The Issue of Longard’s Liability under the Occupational Health and Safety Act and Regulations

[21]   Longard says it met its obligations under the Occupational Health and Safety Act and its Regulations by taking all reasonable precautions to ensure Mr. Boyle’s safety in the workplace. In the company’s submission it took all reasonable precautions by instituting a safety program and safe work practices. What Longard did in relation to workplace safety was described by Longard employees Jonathan Matthews and Greg Gower, its owner, Randy Longard, and the NSCC student, Joshua Francis.

[22]   Longard further submits that it cannot be held responsible for the fact that the servicing of the electrical installation at 201 Chain Lake Drive was not in accordance with the latest version of CSA standard CSA C22.1, ‘Canadian Electrical Code Part 1’, Safety Standard for Electrical Installations”. Longard says it is not culpable for the choice made by Mr. Boyle, a very experienced electrician, to work on the electrical installation while it was energized. Longard submits it cannot be fixed with liability for Mr. Boyle’s tragic lapse of judgment. It is Longard’s position that Mr. Boyle would have been well aware of the Canadian Electrical Code safety standard for electrical installations and could reasonably have been expected by Longard to act in accordance with it.         

Longard’s Safety Practices and Programs

[23]   At the time of Chris Boyle’s death Longard had no formal safety program. Joshua Francis and Jonathan Matthews both confirmed this. Joshua Francis testified that he did not see any safe work practice manuals during the four weeks while he worked at the company.  He was not shown anything in writing and received no official safety orientation. Any safety instruction was provided by Mr. Boyle and Mr. Matthews at the job sites. Mr. Francis described both men as “great” on-the-job teachers.

[24]   By May 2013 Jonathan Matthews had been working at Longard for at least six months. He testified there were no written safe work practices at the company although he knew Mr. Boyle had been putting together a safety program.
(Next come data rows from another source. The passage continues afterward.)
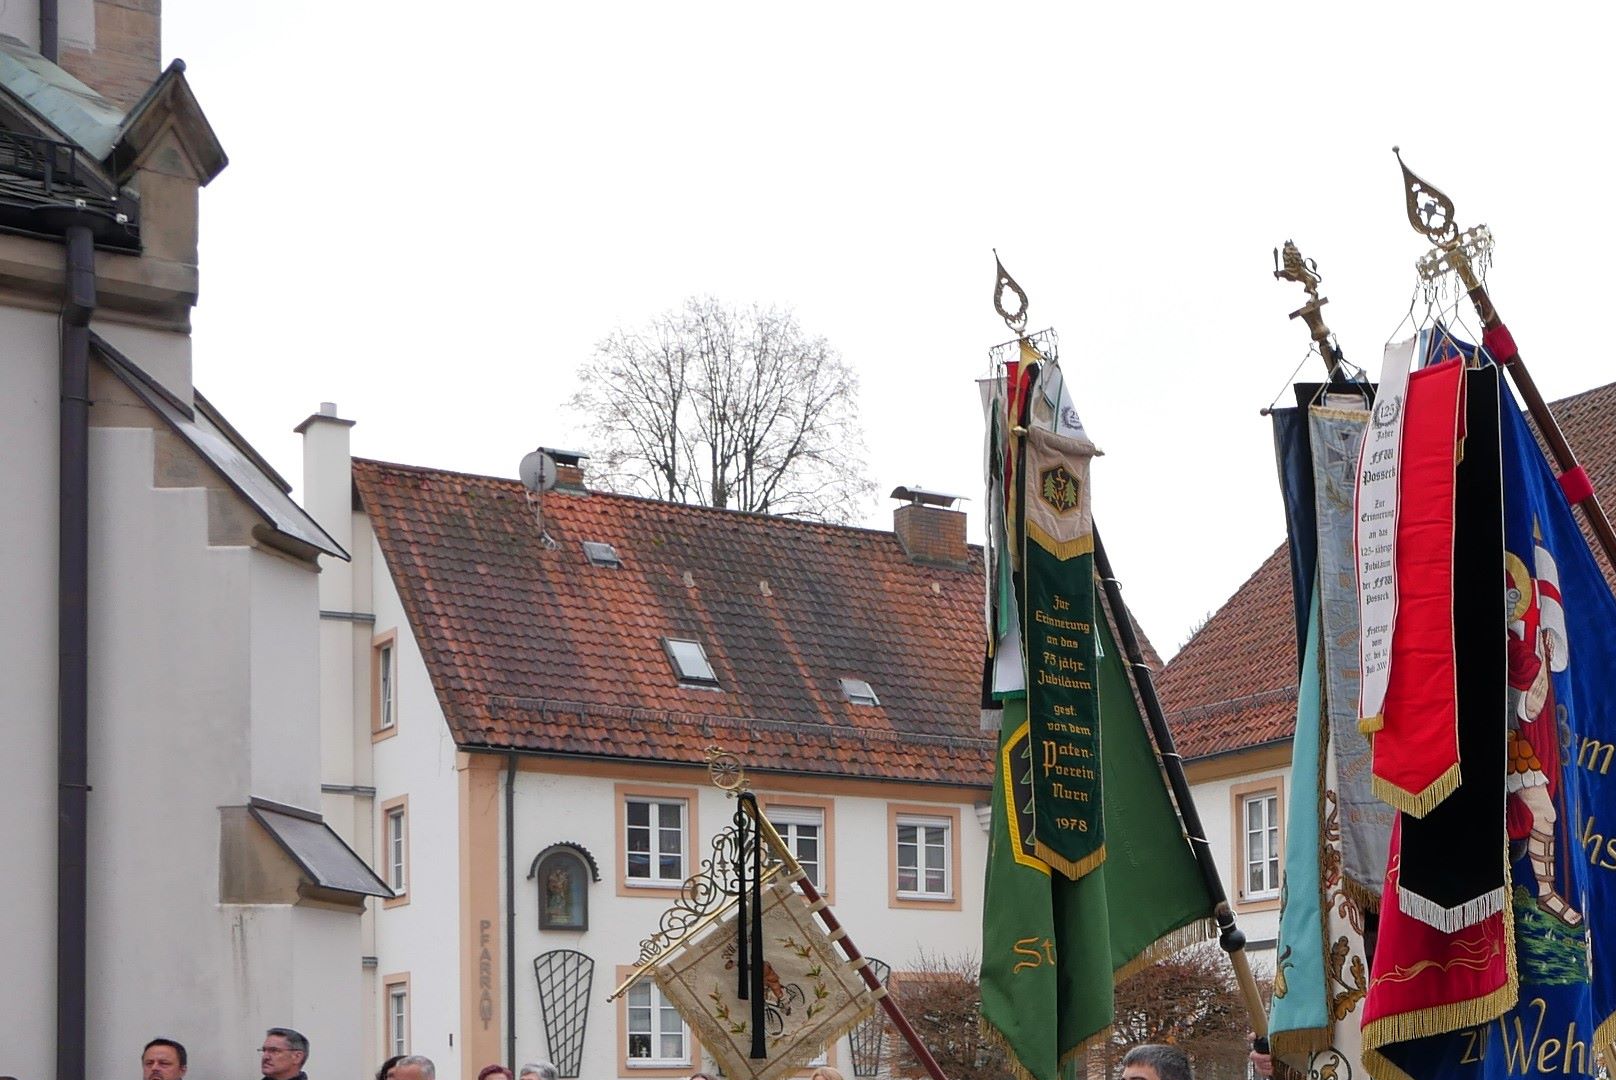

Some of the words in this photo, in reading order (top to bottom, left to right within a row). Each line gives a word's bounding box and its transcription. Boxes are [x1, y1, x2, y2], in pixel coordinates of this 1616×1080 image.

[1379, 403, 1396, 418] 125
[1362, 467, 1396, 486] Posseck
[1035, 610, 1090, 635] Erinnerung
[1046, 635, 1059, 646] an
[1060, 636, 1079, 649] das
[1037, 669, 1092, 690] Jubiläum
[1055, 817, 1088, 834] 1978
[1013, 937, 1056, 974] St
[25]   In a previous decision I ruled that statements by Mr. Boyle overheard by co-workers were admissible as proof that he was working on a safety manual. (R. v. R.D. Longard, [2015] N.S.J. No. 112, paragraph 46)

[26]   I further determined that a white binder found during the trial by Mr. Boyle’s co-worker, Greg Gower, was the safety manual Mr. Boyle had been working on at Randy Longard’s request. (R. v. R.D. Longard, [2015] N.S.J. No. 112, paragraph 52)
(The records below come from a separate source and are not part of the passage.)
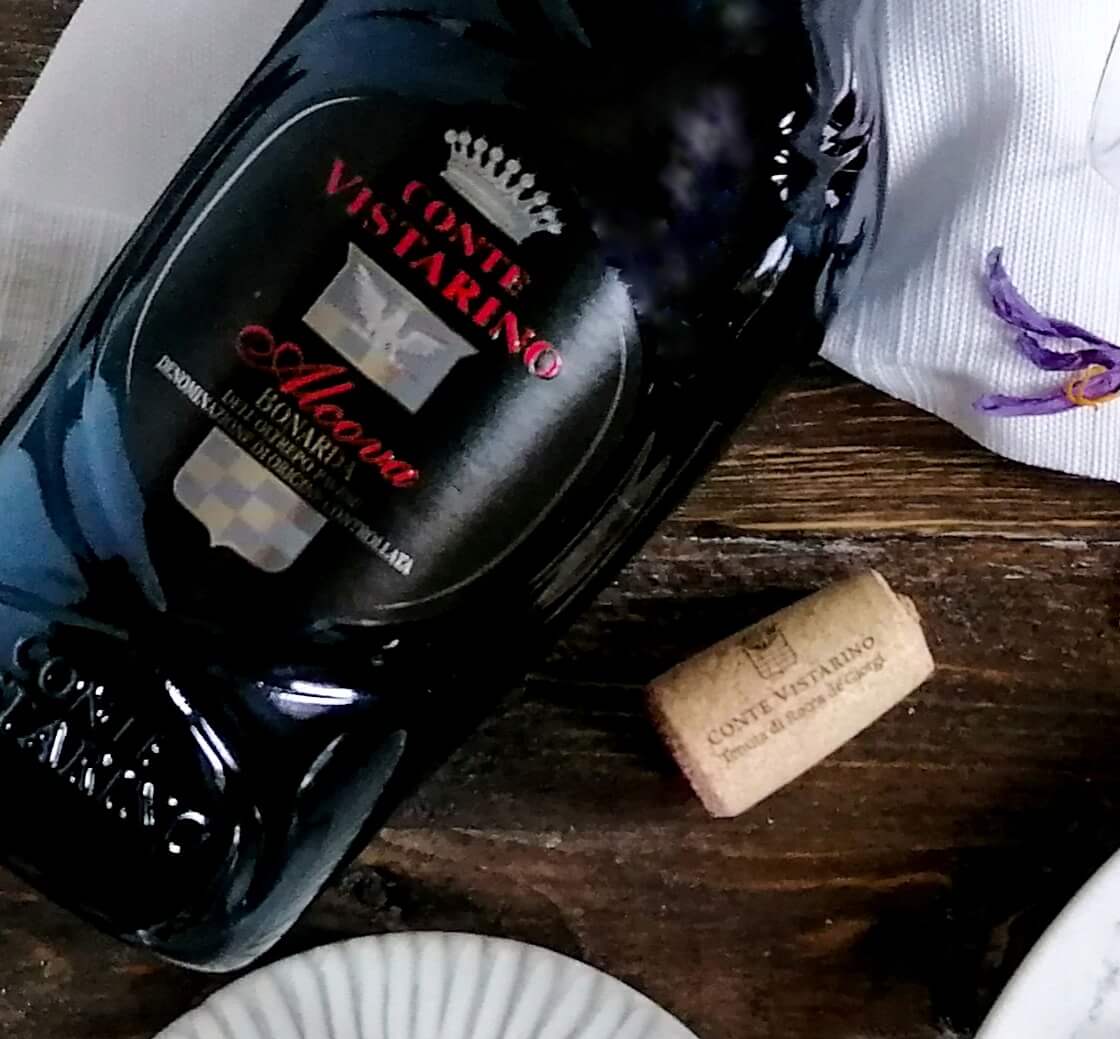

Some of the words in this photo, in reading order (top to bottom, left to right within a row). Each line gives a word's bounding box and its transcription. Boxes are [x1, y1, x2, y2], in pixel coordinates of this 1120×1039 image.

[325, 158, 563, 380] VISTARINO
[402, 180, 531, 296] CONTE
[237, 324, 421, 488] Alcova
[256, 387, 356, 481] BONARDA
[706, 699, 773, 746] CONTE
[773, 635, 875, 702] VISTARINO
[768, 717, 786, 735] di
[27]   Randy Longard testified that prior to 2012, R.D. Longard Services did not have a safety manual but in 2012, work on a safety program was started. In the fall of 2012 he and Mr. Boyle took a COR safety course together through the Nova Scotia Construction Safety Association (NSCSA). It was Mr. Longard’s evidence that the course “starts you off to get safety practices for your company.” The courses were: Principles of Loss Control; Hazard Identification and Control; P.L.C. COR Evaluation; Leadership for Safety Excellence, and Safety Orientation, an online course. Mr. Boyle took all five courses. (Exhibit 10, Course Certificate Report)

[28]   In December 2012, Mr. Longard asked Mr. Boyle to develop a safety manual for Longard. A catalyst was the requirement for a safety program by a company Longard was contracting with. It was the first time a contractor had made having a safety program a requirement for Longard getting the job.

[29]   It was Mr. Longard’s evidence that he and Mr. Boyle took the NSCSA course for the basics, “an idea on how to prepare a manual” which the NSCSA would then review. Approval by the NSCSA of the company’s safety program would result in the company being “safety certified.”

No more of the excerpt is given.